Down to the last line, the material below should be reproduced exactly.

----

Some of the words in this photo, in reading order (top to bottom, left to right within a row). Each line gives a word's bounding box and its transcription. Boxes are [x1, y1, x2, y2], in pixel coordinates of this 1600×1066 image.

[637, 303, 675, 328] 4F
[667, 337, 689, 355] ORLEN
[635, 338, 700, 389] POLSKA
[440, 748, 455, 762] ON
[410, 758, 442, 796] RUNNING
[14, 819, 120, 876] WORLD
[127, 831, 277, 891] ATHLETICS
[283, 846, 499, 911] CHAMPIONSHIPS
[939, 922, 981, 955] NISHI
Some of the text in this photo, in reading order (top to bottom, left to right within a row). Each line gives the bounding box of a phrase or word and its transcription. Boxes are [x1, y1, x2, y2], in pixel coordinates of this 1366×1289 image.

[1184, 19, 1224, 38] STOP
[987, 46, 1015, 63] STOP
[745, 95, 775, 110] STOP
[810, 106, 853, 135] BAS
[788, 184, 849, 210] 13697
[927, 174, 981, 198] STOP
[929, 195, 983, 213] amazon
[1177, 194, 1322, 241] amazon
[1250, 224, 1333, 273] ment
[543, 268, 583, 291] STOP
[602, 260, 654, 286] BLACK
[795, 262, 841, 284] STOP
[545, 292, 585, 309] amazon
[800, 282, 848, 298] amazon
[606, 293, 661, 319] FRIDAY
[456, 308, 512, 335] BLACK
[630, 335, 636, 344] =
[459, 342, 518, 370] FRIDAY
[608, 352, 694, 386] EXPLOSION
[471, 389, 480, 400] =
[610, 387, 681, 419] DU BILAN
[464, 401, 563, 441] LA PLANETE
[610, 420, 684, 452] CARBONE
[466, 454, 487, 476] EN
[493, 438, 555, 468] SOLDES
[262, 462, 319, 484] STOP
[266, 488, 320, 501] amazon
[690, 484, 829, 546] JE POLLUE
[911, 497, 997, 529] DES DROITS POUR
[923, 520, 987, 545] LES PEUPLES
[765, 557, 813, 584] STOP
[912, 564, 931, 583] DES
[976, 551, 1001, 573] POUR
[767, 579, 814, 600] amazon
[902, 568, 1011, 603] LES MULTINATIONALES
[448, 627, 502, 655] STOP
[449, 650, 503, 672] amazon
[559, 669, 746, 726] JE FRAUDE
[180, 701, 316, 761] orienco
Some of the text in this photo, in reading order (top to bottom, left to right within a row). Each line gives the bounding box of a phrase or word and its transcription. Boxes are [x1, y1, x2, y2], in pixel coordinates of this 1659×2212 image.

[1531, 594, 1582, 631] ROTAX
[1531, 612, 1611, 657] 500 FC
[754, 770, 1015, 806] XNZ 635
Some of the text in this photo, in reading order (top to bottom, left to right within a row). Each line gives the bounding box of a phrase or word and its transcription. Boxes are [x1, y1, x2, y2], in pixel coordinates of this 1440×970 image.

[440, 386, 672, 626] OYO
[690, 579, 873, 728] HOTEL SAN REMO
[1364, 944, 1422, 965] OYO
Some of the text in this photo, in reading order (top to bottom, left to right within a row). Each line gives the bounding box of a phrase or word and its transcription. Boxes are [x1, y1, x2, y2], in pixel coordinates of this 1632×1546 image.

----

SOLVED EXERCISE:
Some of the words in this photo, in reading order (top to bottom, left to right within a row). Each line gives a word's bounding box and its transcription. Boxes are [x1, y1, x2, y2], in pixel coordinates of this 1600×1066 image.

[637, 303, 675, 328] 4F
[667, 337, 689, 355] ORLEN
[635, 338, 700, 389] POLSKA
[440, 748, 455, 762] ON
[410, 758, 442, 796] RUNNING
[14, 819, 120, 876] WORLD
[127, 831, 277, 891] ATHLETICS
[283, 846, 499, 911] CHAMPIONSHIPS
[939, 922, 981, 955] NISHI
Some of the text in this photo, in reading order (top to bottom, left to right within a row). Each line gives the bounding box of a phrase or word and its transcription. Boxes are [x1, y1, x2, y2], in pixel coordinates of this 1366×1289 image.

[1184, 19, 1224, 38] STOP
[987, 46, 1015, 63] STOP
[745, 95, 775, 110] STOP
[810, 106, 853, 135] BAS
[788, 184, 849, 210] 13697
[927, 174, 981, 198] STOP
[929, 195, 983, 213] amazon
[1177, 194, 1322, 241] amazon
[1250, 224, 1333, 273] ment
[543, 268, 583, 291] STOP
[602, 260, 654, 286] BLACK
[795, 262, 841, 284] STOP
[545, 292, 585, 309] amazon
[800, 282, 848, 298] amazon
[606, 293, 661, 319] FRIDAY
[456, 308, 512, 335] BLACK
[630, 335, 636, 344] =
[459, 342, 518, 370] FRIDAY
[608, 352, 694, 386] EXPLOSION
[471, 389, 480, 400] =
[610, 387, 681, 419] DU BILAN
[464, 401, 563, 441] LA PLANETE
[610, 420, 684, 452] CARBONE
[466, 454, 487, 476] EN
[493, 438, 555, 468] SOLDES
[262, 462, 319, 484] STOP
[266, 488, 320, 501] amazon
[690, 484, 829, 546] JE POLLUE
[911, 497, 997, 529] DES DROITS POUR
[923, 520, 987, 545] LES PEUPLES
[765, 557, 813, 584] STOP
[912, 564, 931, 583] DES
[976, 551, 1001, 573] POUR
[767, 579, 814, 600] amazon
[902, 568, 1011, 603] LES MULTINATIONALES
[448, 627, 502, 655] STOP
[449, 650, 503, 672] amazon
[559, 669, 746, 726] JE FRAUDE
[180, 701, 316, 761] orienco
Some of the text in this photo, in reading order (top to bottom, left to right within a row). Each line gives the bounding box of a phrase or word and its transcription. Boxes are [x1, y1, x2, y2], in pixel coordinates of this 1659×2212 image.

[1531, 594, 1582, 631] ROTAX
[1531, 612, 1611, 657] 500 FC
[754, 770, 1015, 806] XNZ 635
Some of the text in this photo, in reading order (top to bottom, left to right within a row). Each line gives the bounding box of a phrase or word and its transcription. Boxes are [x1, y1, x2, y2], in pixel coordinates of this 1440×970 image.

[440, 386, 672, 626] OYO
[690, 579, 873, 728] HOTEL SAN REMO
[1364, 944, 1422, 965] OYO
Some of the text in this photo, in reading order (top to bottom, left to right within a row). Each line gives the bounding box of a phrase or word and its transcription. Boxes are [x1, y1, x2, y2], in pixel coordinates of this 1632×1546 image.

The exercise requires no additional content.